Stored entries

═══

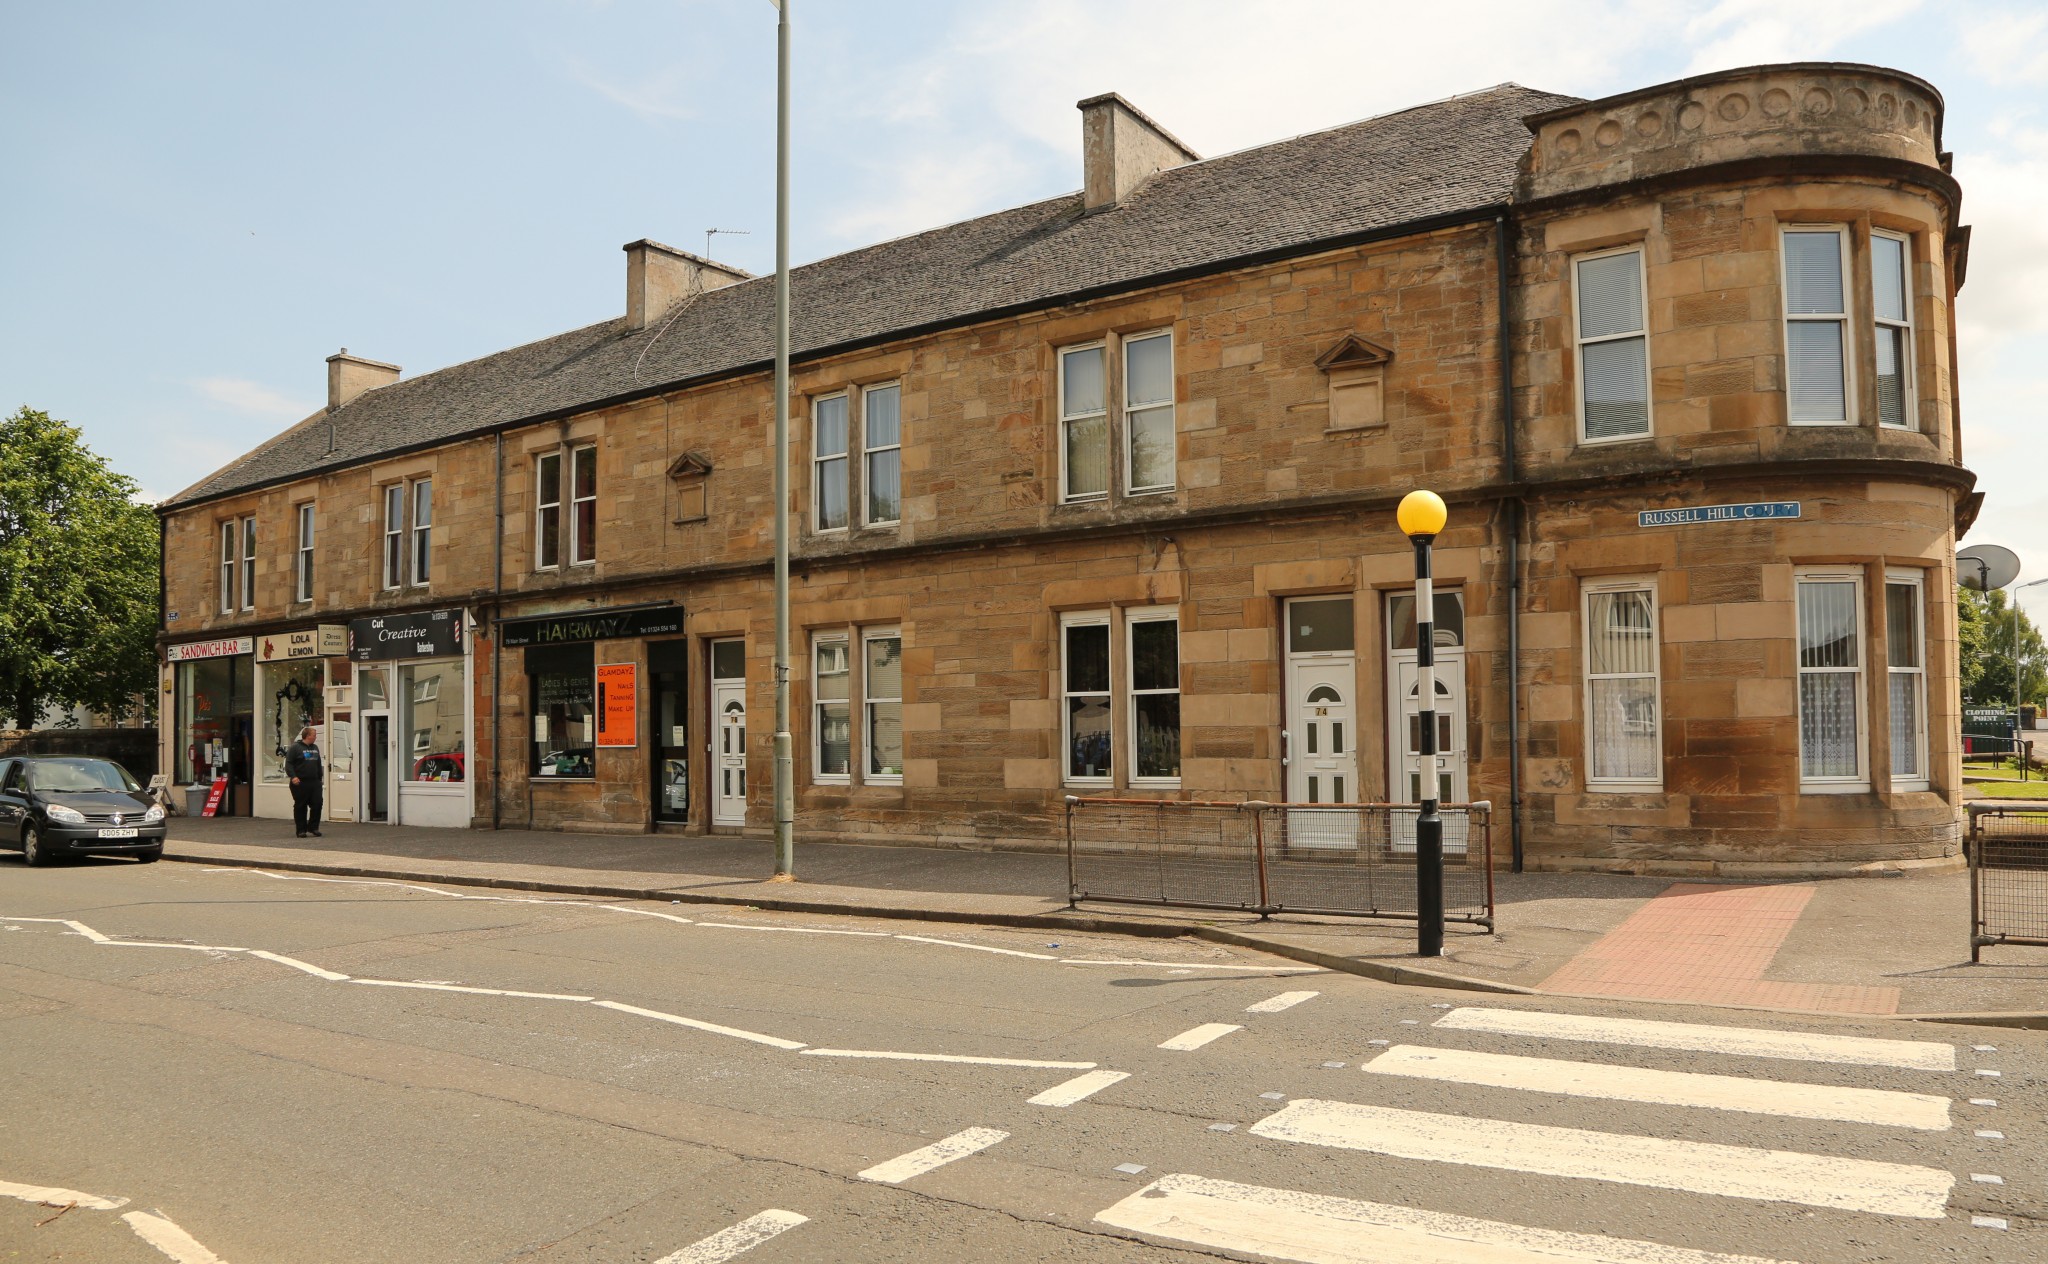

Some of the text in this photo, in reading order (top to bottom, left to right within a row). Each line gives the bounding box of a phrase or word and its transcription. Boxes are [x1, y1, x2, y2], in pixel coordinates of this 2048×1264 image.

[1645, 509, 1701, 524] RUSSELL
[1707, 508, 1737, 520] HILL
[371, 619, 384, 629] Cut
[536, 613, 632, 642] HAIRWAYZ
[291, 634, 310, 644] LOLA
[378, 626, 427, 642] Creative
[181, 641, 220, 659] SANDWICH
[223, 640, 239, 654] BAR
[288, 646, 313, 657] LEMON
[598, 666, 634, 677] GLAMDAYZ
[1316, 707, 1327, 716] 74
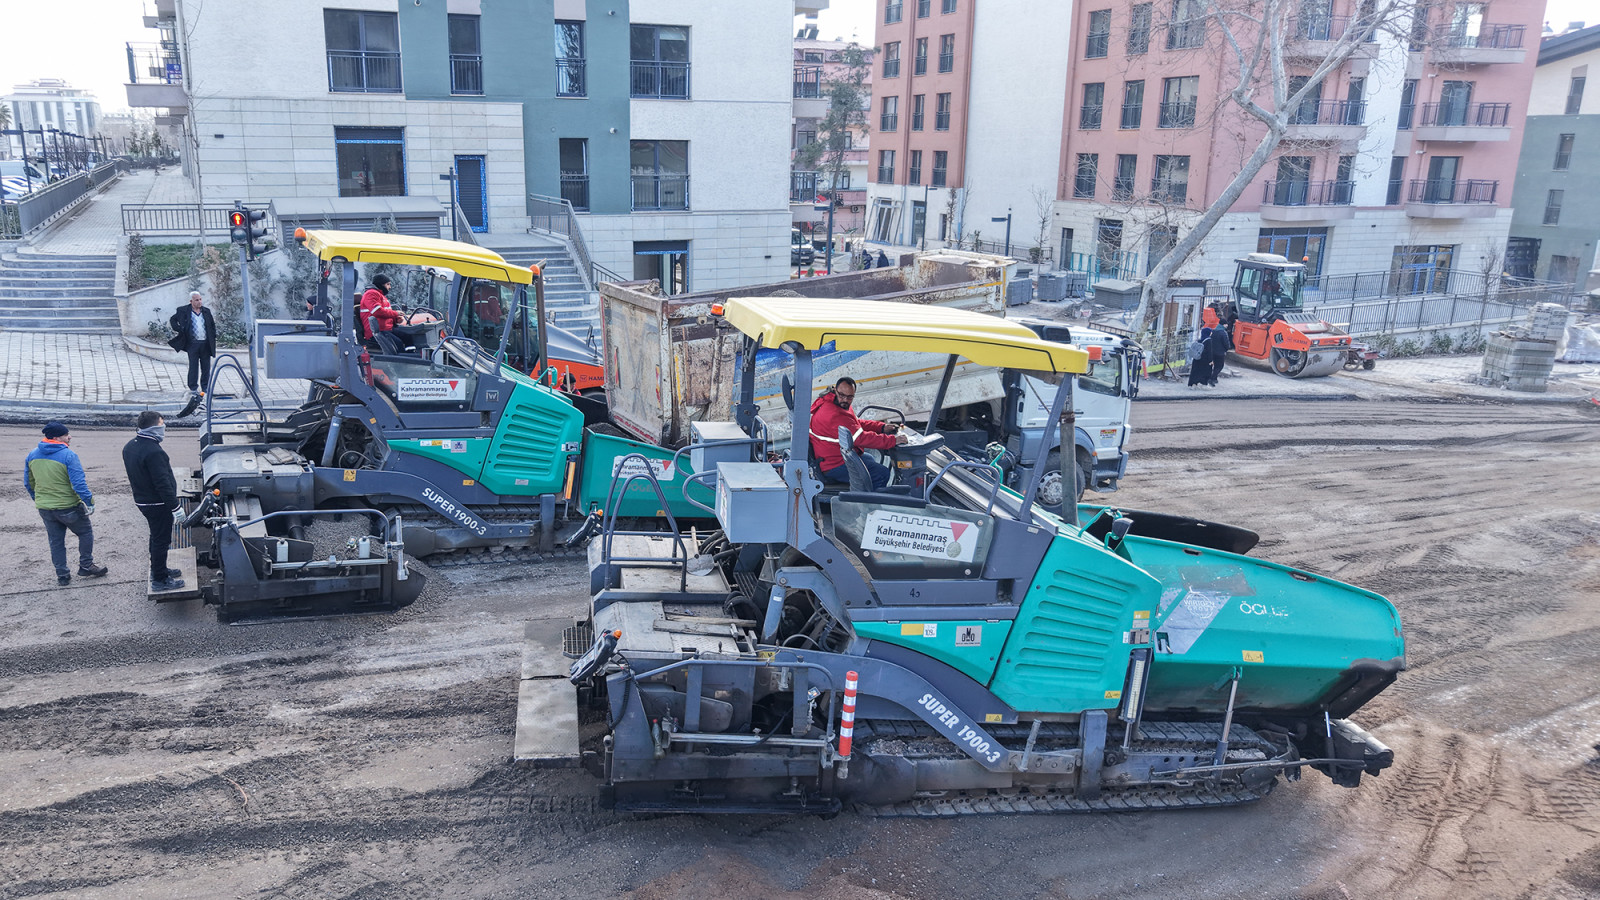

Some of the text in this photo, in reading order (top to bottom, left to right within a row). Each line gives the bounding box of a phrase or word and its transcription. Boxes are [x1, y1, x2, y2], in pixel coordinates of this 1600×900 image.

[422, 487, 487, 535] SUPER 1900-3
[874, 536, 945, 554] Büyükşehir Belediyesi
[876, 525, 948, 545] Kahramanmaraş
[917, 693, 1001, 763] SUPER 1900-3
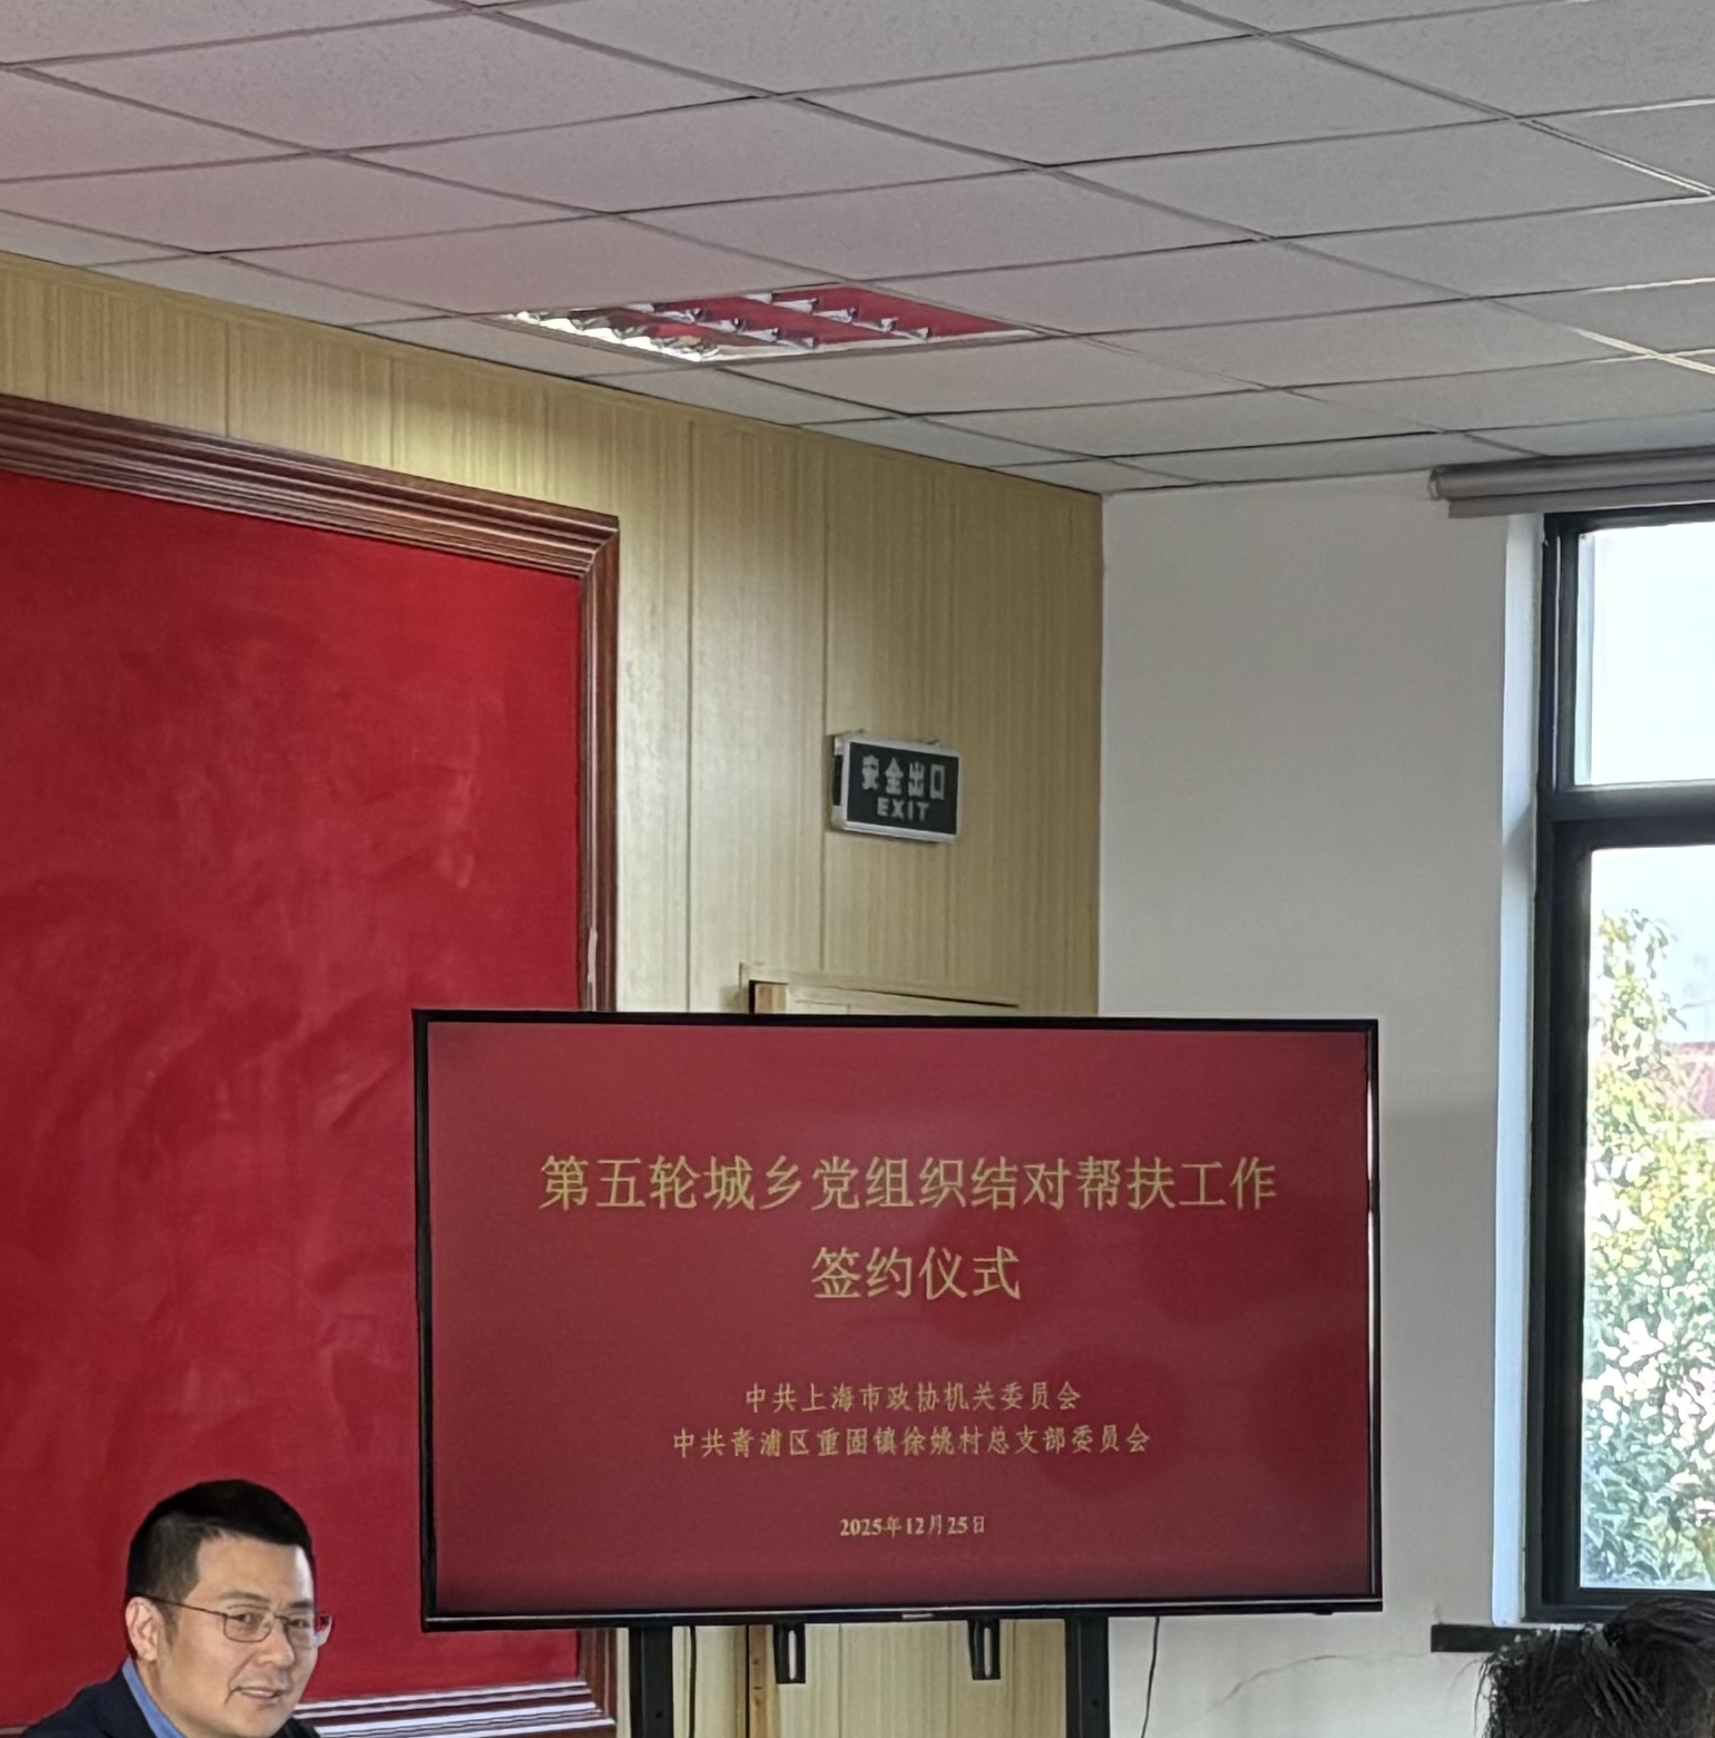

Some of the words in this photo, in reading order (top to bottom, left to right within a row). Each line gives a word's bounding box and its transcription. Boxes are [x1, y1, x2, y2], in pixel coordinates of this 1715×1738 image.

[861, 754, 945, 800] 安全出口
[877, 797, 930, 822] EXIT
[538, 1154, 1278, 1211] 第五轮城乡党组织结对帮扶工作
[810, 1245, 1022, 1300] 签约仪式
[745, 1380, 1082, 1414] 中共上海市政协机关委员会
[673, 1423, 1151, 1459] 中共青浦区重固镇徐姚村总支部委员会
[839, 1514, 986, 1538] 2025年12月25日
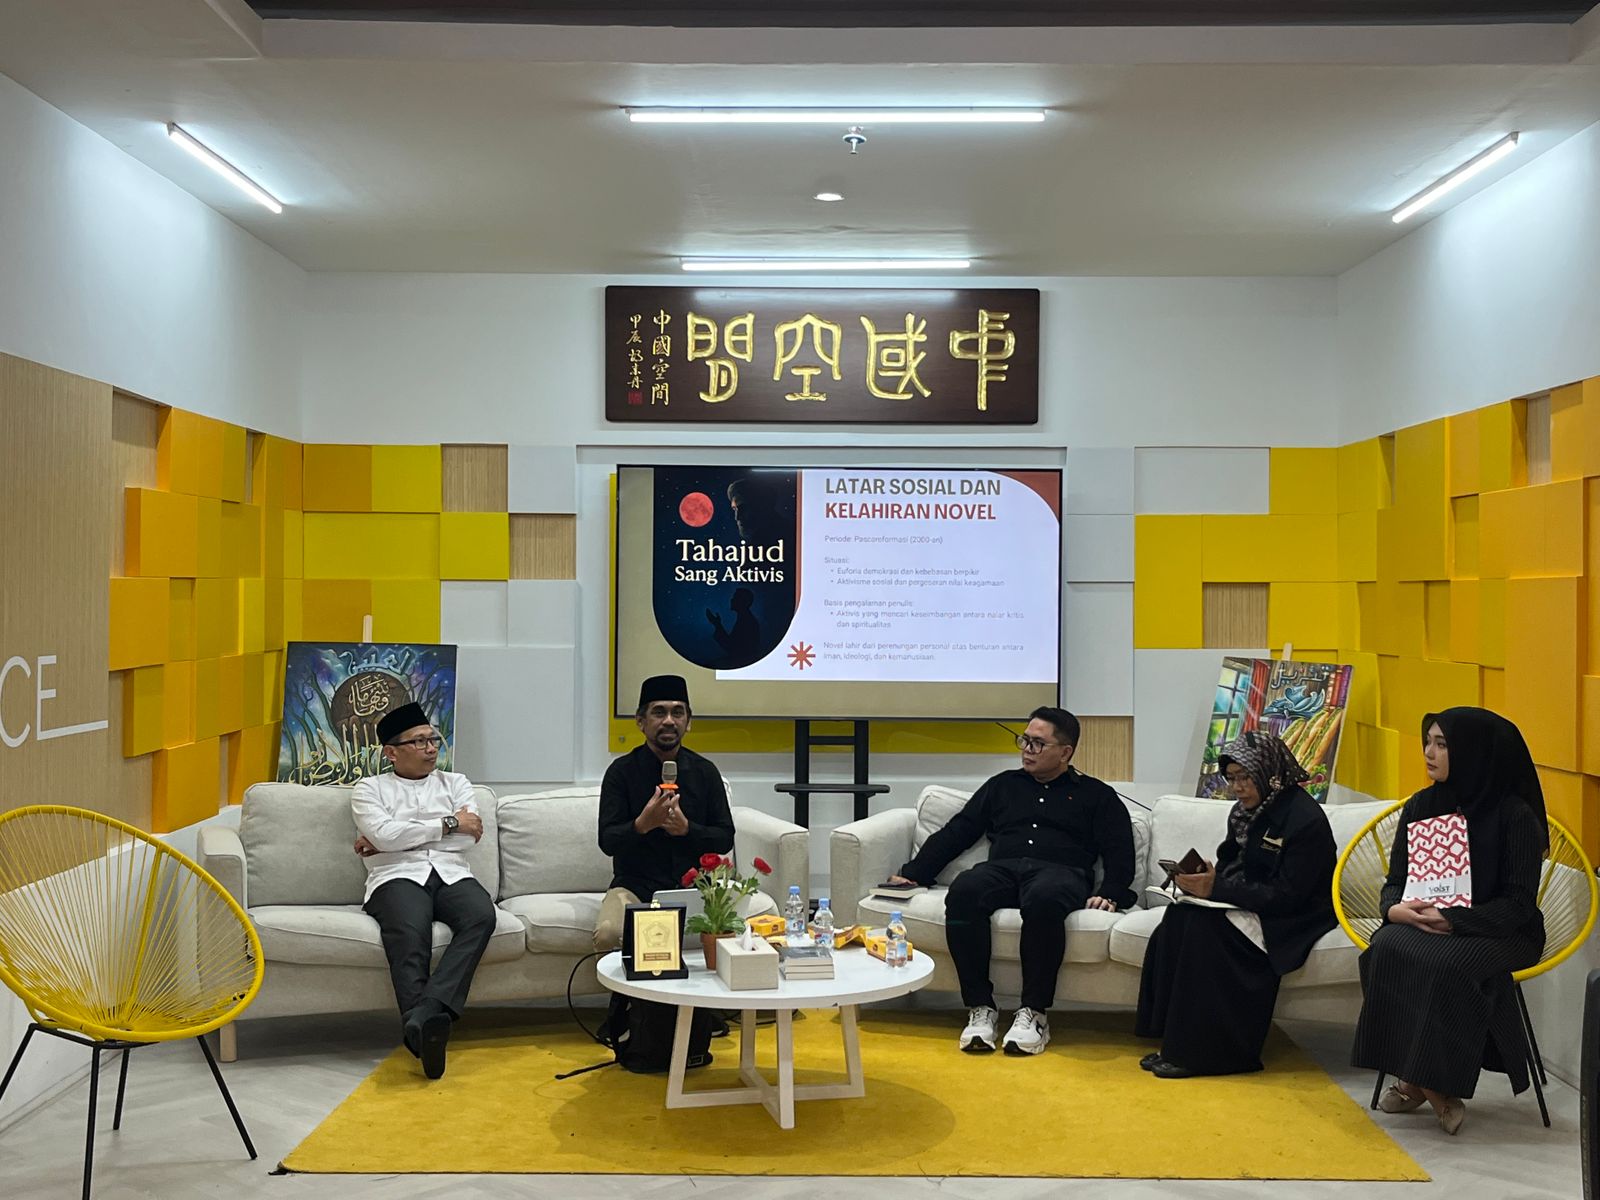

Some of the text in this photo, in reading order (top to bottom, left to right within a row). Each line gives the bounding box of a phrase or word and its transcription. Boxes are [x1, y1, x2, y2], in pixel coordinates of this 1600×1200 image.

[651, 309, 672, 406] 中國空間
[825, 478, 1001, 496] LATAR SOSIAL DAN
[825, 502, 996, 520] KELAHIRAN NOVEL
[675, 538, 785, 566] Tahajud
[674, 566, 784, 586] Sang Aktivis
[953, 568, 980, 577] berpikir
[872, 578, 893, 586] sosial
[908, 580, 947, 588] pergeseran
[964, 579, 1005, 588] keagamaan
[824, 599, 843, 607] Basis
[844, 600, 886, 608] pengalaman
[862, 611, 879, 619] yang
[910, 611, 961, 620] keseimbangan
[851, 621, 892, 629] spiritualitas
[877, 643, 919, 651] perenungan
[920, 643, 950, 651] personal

═══

| To do |
A word-for-word copy of the data, without its pictures, is what is needed.

| The answer |
Some of the text in this photo, in reading order (top to bottom, left to right within a row). Each line gives the bounding box of a phrase or word and its transcription. Boxes are [x1, y1, x2, y2], in pixel coordinates of this 2048×1264 image.

[1645, 509, 1701, 524] RUSSELL
[1707, 508, 1737, 520] HILL
[371, 619, 384, 629] Cut
[536, 613, 632, 642] HAIRWAYZ
[291, 634, 310, 644] LOLA
[378, 626, 427, 642] Creative
[181, 641, 220, 659] SANDWICH
[223, 640, 239, 654] BAR
[288, 646, 313, 657] LEMON
[598, 666, 634, 677] GLAMDAYZ
[1316, 707, 1327, 716] 74

Some of the text in this photo, in reading order (top to bottom, left to right within a row). Each line gives the bounding box of a phrase or word and its transcription. Boxes are [x1, y1, x2, y2], in pixel coordinates of this 1600×900 image.

[422, 487, 487, 535] SUPER 1900-3
[874, 536, 945, 554] Büyükşehir Belediyesi
[876, 525, 948, 545] Kahramanmaraş
[917, 693, 1001, 763] SUPER 1900-3

Some of the words in this photo, in reading order (top to bottom, left to right within a row). Each line gives a word's bounding box and its transcription. Boxes are [x1, y1, x2, y2], in pixel coordinates of this 1715×1738 image.

[861, 754, 945, 800] 安全出口
[877, 797, 930, 822] EXIT
[538, 1154, 1278, 1211] 第五轮城乡党组织结对帮扶工作
[810, 1245, 1022, 1300] 签约仪式
[745, 1380, 1082, 1414] 中共上海市政协机关委员会
[673, 1423, 1151, 1459] 中共青浦区重固镇徐姚村总支部委员会
[839, 1514, 986, 1538] 2025年12月25日

Some of the text in this photo, in reading order (top to bottom, left to right within a row). Each line gives the bounding box of a phrase or word and its transcription. Boxes are [x1, y1, x2, y2], in pixel coordinates of this 1600×1200 image.

[651, 309, 672, 406] 中國空間
[825, 478, 1001, 496] LATAR SOSIAL DAN
[825, 502, 996, 520] KELAHIRAN NOVEL
[675, 538, 785, 566] Tahajud
[674, 566, 784, 586] Sang Aktivis
[953, 568, 980, 577] berpikir
[872, 578, 893, 586] sosial
[908, 580, 947, 588] pergeseran
[964, 579, 1005, 588] keagamaan
[824, 599, 843, 607] Basis
[844, 600, 886, 608] pengalaman
[862, 611, 879, 619] yang
[910, 611, 961, 620] keseimbangan
[851, 621, 892, 629] spiritualitas
[877, 643, 919, 651] perenungan
[920, 643, 950, 651] personal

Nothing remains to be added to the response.